▶ _YOUR OBJECTIVE_:
Copy every line of the material below word for word.

EXERCISE DATA below:

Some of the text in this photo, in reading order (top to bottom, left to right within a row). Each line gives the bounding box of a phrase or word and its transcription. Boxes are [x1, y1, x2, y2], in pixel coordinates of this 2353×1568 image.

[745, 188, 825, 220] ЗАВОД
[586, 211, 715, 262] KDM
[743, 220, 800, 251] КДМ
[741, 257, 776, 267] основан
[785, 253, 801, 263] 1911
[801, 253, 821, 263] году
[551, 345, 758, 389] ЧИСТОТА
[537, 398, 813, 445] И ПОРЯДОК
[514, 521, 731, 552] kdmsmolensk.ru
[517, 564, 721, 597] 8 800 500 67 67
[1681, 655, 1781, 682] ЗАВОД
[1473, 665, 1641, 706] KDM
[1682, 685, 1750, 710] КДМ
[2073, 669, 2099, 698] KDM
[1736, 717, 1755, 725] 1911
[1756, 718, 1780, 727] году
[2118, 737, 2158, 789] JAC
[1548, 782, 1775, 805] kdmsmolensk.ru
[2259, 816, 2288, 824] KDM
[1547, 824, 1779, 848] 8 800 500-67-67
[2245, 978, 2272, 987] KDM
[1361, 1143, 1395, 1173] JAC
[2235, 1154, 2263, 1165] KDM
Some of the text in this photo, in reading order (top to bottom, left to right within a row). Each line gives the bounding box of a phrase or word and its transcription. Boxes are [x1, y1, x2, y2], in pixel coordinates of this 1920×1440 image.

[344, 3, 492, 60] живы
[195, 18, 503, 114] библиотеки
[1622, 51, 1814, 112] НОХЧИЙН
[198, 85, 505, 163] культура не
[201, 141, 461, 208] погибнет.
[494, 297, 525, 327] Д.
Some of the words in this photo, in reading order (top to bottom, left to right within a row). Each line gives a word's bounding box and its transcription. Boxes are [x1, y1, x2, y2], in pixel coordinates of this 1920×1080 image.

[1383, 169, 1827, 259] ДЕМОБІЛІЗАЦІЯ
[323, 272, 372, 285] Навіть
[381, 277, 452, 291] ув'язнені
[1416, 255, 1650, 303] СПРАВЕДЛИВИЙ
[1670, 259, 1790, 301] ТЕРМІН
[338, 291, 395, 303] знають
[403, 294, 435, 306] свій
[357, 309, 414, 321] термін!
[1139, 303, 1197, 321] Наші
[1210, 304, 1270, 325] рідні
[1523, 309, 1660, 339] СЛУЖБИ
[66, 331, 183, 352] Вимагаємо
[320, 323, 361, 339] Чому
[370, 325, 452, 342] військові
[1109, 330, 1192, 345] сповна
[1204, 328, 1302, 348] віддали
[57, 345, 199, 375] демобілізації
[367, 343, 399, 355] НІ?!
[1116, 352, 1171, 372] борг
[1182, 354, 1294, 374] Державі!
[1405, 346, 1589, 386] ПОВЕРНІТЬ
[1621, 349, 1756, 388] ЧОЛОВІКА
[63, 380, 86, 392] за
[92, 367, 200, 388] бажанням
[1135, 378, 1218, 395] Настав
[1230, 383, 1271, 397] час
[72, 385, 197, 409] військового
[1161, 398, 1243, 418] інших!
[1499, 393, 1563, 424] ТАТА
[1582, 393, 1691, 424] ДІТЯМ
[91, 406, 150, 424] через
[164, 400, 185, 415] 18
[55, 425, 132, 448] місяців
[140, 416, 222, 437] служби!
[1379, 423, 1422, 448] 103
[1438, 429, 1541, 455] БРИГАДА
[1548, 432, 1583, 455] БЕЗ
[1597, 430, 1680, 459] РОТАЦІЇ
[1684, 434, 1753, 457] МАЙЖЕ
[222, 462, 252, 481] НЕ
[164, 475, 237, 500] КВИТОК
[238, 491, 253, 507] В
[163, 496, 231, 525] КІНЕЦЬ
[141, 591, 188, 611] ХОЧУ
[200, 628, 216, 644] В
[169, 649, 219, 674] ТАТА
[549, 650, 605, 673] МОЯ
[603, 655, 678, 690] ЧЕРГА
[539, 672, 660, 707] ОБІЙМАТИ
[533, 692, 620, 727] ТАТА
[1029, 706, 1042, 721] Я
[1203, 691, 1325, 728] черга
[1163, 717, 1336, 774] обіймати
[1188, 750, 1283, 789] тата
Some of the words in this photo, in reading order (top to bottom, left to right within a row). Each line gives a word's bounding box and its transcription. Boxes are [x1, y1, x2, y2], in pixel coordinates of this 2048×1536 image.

End of EXERCISE DATA.

▶ _COMPLETED TASK_:
Some of the text in this photo, in reading order (top to bottom, left to right within a row). Each line gives the bounding box of a phrase or word and its transcription. Boxes are [x1, y1, x2, y2], in pixel coordinates of this 2353×1568 image.

[745, 188, 825, 220] ЗАВОД
[586, 211, 715, 262] KDM
[743, 220, 800, 251] КДМ
[741, 257, 776, 267] основан
[785, 253, 801, 263] 1911
[801, 253, 821, 263] году
[551, 345, 758, 389] ЧИСТОТА
[537, 398, 813, 445] И ПОРЯДОК
[514, 521, 731, 552] kdmsmolensk.ru
[517, 564, 721, 597] 8 800 500 67 67
[1681, 655, 1781, 682] ЗАВОД
[1473, 665, 1641, 706] KDM
[1682, 685, 1750, 710] КДМ
[2073, 669, 2099, 698] KDM
[1736, 717, 1755, 725] 1911
[1756, 718, 1780, 727] году
[2118, 737, 2158, 789] JAC
[1548, 782, 1775, 805] kdmsmolensk.ru
[2259, 816, 2288, 824] KDM
[1547, 824, 1779, 848] 8 800 500-67-67
[2245, 978, 2272, 987] KDM
[1361, 1143, 1395, 1173] JAC
[2235, 1154, 2263, 1165] KDM
Some of the text in this photo, in reading order (top to bottom, left to right within a row). Each line gives the bounding box of a phrase or word and its transcription. Boxes are [x1, y1, x2, y2], in pixel coordinates of this 1920×1440 image.

[344, 3, 492, 60] живы
[195, 18, 503, 114] библиотеки
[1622, 51, 1814, 112] НОХЧИЙН
[198, 85, 505, 163] культура не
[201, 141, 461, 208] погибнет.
[494, 297, 525, 327] Д.
Some of the words in this photo, in reading order (top to bottom, left to right within a row). Each line gives a word's bounding box and its transcription. Boxes are [x1, y1, x2, y2], in pixel coordinates of this 1920×1080 image.

[1383, 169, 1827, 259] ДЕМОБІЛІЗАЦІЯ
[323, 272, 372, 285] Навіть
[381, 277, 452, 291] ув'язнені
[1416, 255, 1650, 303] СПРАВЕДЛИВИЙ
[1670, 259, 1790, 301] ТЕРМІН
[338, 291, 395, 303] знають
[403, 294, 435, 306] свій
[357, 309, 414, 321] термін!
[1139, 303, 1197, 321] Наші
[1210, 304, 1270, 325] рідні
[1523, 309, 1660, 339] СЛУЖБИ
[66, 331, 183, 352] Вимагаємо
[320, 323, 361, 339] Чому
[370, 325, 452, 342] військові
[1109, 330, 1192, 345] сповна
[1204, 328, 1302, 348] віддали
[57, 345, 199, 375] демобілізації
[367, 343, 399, 355] НІ?!
[1116, 352, 1171, 372] борг
[1182, 354, 1294, 374] Державі!
[1405, 346, 1589, 386] ПОВЕРНІТЬ
[1621, 349, 1756, 388] ЧОЛОВІКА
[63, 380, 86, 392] за
[92, 367, 200, 388] бажанням
[1135, 378, 1218, 395] Настав
[1230, 383, 1271, 397] час
[72, 385, 197, 409] військового
[1161, 398, 1243, 418] інших!
[1499, 393, 1563, 424] ТАТА
[1582, 393, 1691, 424] ДІТЯМ
[91, 406, 150, 424] через
[164, 400, 185, 415] 18
[55, 425, 132, 448] місяців
[140, 416, 222, 437] служби!
[1379, 423, 1422, 448] 103
[1438, 429, 1541, 455] БРИГАДА
[1548, 432, 1583, 455] БЕЗ
[1597, 430, 1680, 459] РОТАЦІЇ
[1684, 434, 1753, 457] МАЙЖЕ
[222, 462, 252, 481] НЕ
[164, 475, 237, 500] КВИТОК
[238, 491, 253, 507] В
[163, 496, 231, 525] КІНЕЦЬ
[141, 591, 188, 611] ХОЧУ
[200, 628, 216, 644] В
[169, 649, 219, 674] ТАТА
[549, 650, 605, 673] МОЯ
[603, 655, 678, 690] ЧЕРГА
[539, 672, 660, 707] ОБІЙМАТИ
[533, 692, 620, 727] ТАТА
[1029, 706, 1042, 721] Я
[1203, 691, 1325, 728] черга
[1163, 717, 1336, 774] обіймати
[1188, 750, 1283, 789] тата
Some of the words in this photo, in reading order (top to bottom, left to right within a row). Each line gives a word's bounding box and its transcription. Boxes are [x1, y1, x2, y2], in pixel coordinates of this 2048×1536 image.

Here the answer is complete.